__TASK STATEMENT__
Give all of the records again. Match them exactly.
Segment Start: DATA SECTION
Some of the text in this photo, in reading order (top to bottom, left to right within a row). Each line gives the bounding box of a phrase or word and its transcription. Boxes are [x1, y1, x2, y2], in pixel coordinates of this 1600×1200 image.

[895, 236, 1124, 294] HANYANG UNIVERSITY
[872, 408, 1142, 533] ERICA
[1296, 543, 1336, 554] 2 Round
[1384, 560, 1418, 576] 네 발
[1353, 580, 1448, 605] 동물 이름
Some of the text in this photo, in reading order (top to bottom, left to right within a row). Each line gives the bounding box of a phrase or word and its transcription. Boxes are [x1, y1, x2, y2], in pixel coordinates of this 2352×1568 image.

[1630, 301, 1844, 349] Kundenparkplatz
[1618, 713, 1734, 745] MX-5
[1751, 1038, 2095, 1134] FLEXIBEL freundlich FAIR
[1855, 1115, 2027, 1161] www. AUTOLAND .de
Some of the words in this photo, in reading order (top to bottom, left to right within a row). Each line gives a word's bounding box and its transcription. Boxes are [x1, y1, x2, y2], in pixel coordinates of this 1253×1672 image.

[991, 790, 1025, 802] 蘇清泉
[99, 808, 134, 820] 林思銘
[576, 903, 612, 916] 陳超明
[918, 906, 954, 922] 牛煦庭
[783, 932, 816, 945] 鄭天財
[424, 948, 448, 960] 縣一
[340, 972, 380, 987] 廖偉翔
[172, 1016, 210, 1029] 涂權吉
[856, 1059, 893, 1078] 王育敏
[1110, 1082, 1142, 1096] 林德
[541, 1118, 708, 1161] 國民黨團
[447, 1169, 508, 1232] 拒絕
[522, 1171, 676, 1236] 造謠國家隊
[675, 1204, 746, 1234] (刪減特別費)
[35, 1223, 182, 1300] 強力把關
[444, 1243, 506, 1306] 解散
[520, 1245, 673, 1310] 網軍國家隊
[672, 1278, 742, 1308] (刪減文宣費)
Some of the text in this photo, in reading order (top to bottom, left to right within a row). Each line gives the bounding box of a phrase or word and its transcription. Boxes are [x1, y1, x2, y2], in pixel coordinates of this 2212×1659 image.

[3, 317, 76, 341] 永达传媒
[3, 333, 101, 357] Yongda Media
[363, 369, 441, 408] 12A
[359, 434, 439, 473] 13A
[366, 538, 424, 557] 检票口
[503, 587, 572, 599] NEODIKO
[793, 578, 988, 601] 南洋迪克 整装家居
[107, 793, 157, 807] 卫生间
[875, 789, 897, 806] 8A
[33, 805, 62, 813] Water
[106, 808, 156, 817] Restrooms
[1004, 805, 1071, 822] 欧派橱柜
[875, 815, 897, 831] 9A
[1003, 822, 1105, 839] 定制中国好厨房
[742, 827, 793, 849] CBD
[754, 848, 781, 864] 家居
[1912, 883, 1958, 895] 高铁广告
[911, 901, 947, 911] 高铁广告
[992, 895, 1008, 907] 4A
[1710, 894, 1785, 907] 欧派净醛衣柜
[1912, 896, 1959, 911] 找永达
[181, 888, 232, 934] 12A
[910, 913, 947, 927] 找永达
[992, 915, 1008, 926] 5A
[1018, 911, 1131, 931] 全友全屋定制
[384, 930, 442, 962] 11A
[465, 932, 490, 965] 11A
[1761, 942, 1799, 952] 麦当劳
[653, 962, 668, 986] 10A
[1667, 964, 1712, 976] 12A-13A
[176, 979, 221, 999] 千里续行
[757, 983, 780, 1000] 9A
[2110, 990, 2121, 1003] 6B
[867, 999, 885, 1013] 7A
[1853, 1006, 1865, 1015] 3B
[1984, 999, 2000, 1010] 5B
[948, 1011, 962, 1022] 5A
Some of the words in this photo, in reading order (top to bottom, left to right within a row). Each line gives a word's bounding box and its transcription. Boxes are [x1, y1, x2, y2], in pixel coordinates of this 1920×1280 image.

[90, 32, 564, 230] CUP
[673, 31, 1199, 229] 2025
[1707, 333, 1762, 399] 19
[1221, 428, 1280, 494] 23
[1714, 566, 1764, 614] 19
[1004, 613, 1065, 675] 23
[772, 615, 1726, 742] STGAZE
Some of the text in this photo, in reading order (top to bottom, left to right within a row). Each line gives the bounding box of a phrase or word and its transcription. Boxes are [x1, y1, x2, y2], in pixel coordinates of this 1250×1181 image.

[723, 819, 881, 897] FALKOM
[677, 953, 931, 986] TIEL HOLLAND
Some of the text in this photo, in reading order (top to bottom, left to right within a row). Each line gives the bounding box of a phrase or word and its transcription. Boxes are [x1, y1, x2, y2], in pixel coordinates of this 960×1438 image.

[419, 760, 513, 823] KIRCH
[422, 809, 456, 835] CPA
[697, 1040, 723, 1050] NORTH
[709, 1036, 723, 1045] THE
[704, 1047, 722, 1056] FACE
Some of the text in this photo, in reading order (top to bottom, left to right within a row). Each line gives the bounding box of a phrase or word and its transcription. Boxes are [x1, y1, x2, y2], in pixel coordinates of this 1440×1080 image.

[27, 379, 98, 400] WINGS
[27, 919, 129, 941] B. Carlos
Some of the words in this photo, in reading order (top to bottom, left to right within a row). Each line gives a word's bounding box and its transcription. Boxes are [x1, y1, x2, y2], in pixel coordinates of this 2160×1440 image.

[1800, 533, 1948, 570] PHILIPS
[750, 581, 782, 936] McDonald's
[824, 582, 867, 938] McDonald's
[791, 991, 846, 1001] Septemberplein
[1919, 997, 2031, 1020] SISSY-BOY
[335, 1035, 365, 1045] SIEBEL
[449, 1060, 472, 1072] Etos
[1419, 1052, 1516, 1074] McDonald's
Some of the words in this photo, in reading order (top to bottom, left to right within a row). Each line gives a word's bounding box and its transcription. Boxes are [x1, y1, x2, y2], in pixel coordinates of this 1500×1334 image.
Segment End: DATA SECTION
__ANSWER SECTION__
Some of the text in this photo, in reading order (top to bottom, left to right within a row). Each line gives the bounding box of a phrase or word and its transcription. Boxes are [x1, y1, x2, y2], in pixel coordinates of this 1600×1200 image.

[895, 236, 1124, 294] HANYANG UNIVERSITY
[872, 408, 1142, 533] ERICA
[1296, 543, 1336, 554] 2 Round
[1384, 560, 1418, 576] 네 발
[1353, 580, 1448, 605] 동물 이름
Some of the text in this photo, in reading order (top to bottom, left to right within a row). Each line gives the bounding box of a phrase or word and its transcription. Boxes are [x1, y1, x2, y2], in pixel coordinates of this 2352×1568 image.

[1630, 301, 1844, 349] Kundenparkplatz
[1618, 713, 1734, 745] MX-5
[1751, 1038, 2095, 1134] FLEXIBEL freundlich FAIR
[1855, 1115, 2027, 1161] www. AUTOLAND .de
Some of the words in this photo, in reading order (top to bottom, left to right within a row). Each line gives a word's bounding box and its transcription. Boxes are [x1, y1, x2, y2], in pixel coordinates of this 1253×1672 image.

[991, 790, 1025, 802] 蘇清泉
[99, 808, 134, 820] 林思銘
[576, 903, 612, 916] 陳超明
[918, 906, 954, 922] 牛煦庭
[783, 932, 816, 945] 鄭天財
[424, 948, 448, 960] 縣一
[340, 972, 380, 987] 廖偉翔
[172, 1016, 210, 1029] 涂權吉
[856, 1059, 893, 1078] 王育敏
[1110, 1082, 1142, 1096] 林德
[541, 1118, 708, 1161] 國民黨團
[447, 1169, 508, 1232] 拒絕
[522, 1171, 676, 1236] 造謠國家隊
[675, 1204, 746, 1234] (刪減特別費)
[35, 1223, 182, 1300] 強力把關
[444, 1243, 506, 1306] 解散
[520, 1245, 673, 1310] 網軍國家隊
[672, 1278, 742, 1308] (刪減文宣費)
Some of the text in this photo, in reading order (top to bottom, left to right within a row). Each line gives the bounding box of a phrase or word and its transcription. Boxes are [x1, y1, x2, y2], in pixel coordinates of this 2212×1659 image.

[3, 317, 76, 341] 永达传媒
[3, 333, 101, 357] Yongda Media
[363, 369, 441, 408] 12A
[359, 434, 439, 473] 13A
[366, 538, 424, 557] 检票口
[503, 587, 572, 599] NEODIKO
[793, 578, 988, 601] 南洋迪克 整装家居
[107, 793, 157, 807] 卫生间
[875, 789, 897, 806] 8A
[33, 805, 62, 813] Water
[106, 808, 156, 817] Restrooms
[1004, 805, 1071, 822] 欧派橱柜
[875, 815, 897, 831] 9A
[1003, 822, 1105, 839] 定制中国好厨房
[742, 827, 793, 849] CBD
[754, 848, 781, 864] 家居
[1912, 883, 1958, 895] 高铁广告
[911, 901, 947, 911] 高铁广告
[992, 895, 1008, 907] 4A
[1710, 894, 1785, 907] 欧派净醛衣柜
[1912, 896, 1959, 911] 找永达
[181, 888, 232, 934] 12A
[910, 913, 947, 927] 找永达
[992, 915, 1008, 926] 5A
[1018, 911, 1131, 931] 全友全屋定制
[384, 930, 442, 962] 11A
[465, 932, 490, 965] 11A
[1761, 942, 1799, 952] 麦当劳
[653, 962, 668, 986] 10A
[1667, 964, 1712, 976] 12A-13A
[176, 979, 221, 999] 千里续行
[757, 983, 780, 1000] 9A
[2110, 990, 2121, 1003] 6B
[867, 999, 885, 1013] 7A
[1853, 1006, 1865, 1015] 3B
[1984, 999, 2000, 1010] 5B
[948, 1011, 962, 1022] 5A
Some of the words in this photo, in reading order (top to bottom, left to right within a row). Each line gives a word's bounding box and its transcription. Boxes are [x1, y1, x2, y2], in pixel coordinates of this 1920×1280 image.

[90, 32, 564, 230] CUP
[673, 31, 1199, 229] 2025
[1707, 333, 1762, 399] 19
[1221, 428, 1280, 494] 23
[1714, 566, 1764, 614] 19
[1004, 613, 1065, 675] 23
[772, 615, 1726, 742] STGAZE
Some of the text in this photo, in reading order (top to bottom, left to right within a row). Each line gives the bounding box of a phrase or word and its transcription. Boxes are [x1, y1, x2, y2], in pixel coordinates of this 1250×1181 image.

[723, 819, 881, 897] FALKOM
[677, 953, 931, 986] TIEL HOLLAND
Some of the text in this photo, in reading order (top to bottom, left to right within a row). Each line gives the bounding box of a phrase or word and its transcription. Boxes are [x1, y1, x2, y2], in pixel coordinates of this 960×1438 image.

[419, 760, 513, 823] KIRCH
[422, 809, 456, 835] CPA
[697, 1040, 723, 1050] NORTH
[709, 1036, 723, 1045] THE
[704, 1047, 722, 1056] FACE
Some of the text in this photo, in reading order (top to bottom, left to right within a row). Each line gives the bounding box of a phrase or word and its transcription. Boxes are [x1, y1, x2, y2], in pixel coordinates of this 1440×1080 image.

[27, 379, 98, 400] WINGS
[27, 919, 129, 941] B. Carlos
Some of the words in this photo, in reading order (top to bottom, left to right within a row). Each line gives a word's bounding box and its transcription. Boxes are [x1, y1, x2, y2], in pixel coordinates of this 2160×1440 image.

[1800, 533, 1948, 570] PHILIPS
[750, 581, 782, 936] McDonald's
[824, 582, 867, 938] McDonald's
[791, 991, 846, 1001] Septemberplein
[1919, 997, 2031, 1020] SISSY-BOY
[335, 1035, 365, 1045] SIEBEL
[449, 1060, 472, 1072] Etos
[1419, 1052, 1516, 1074] McDonald's
Some of the words in this photo, in reading order (top to bottom, left to right within a row). Each line gives a word's bounding box and its transcription. Boxes are [x1, y1, x2, y2], in pixel coordinates of this 1500×1334 image.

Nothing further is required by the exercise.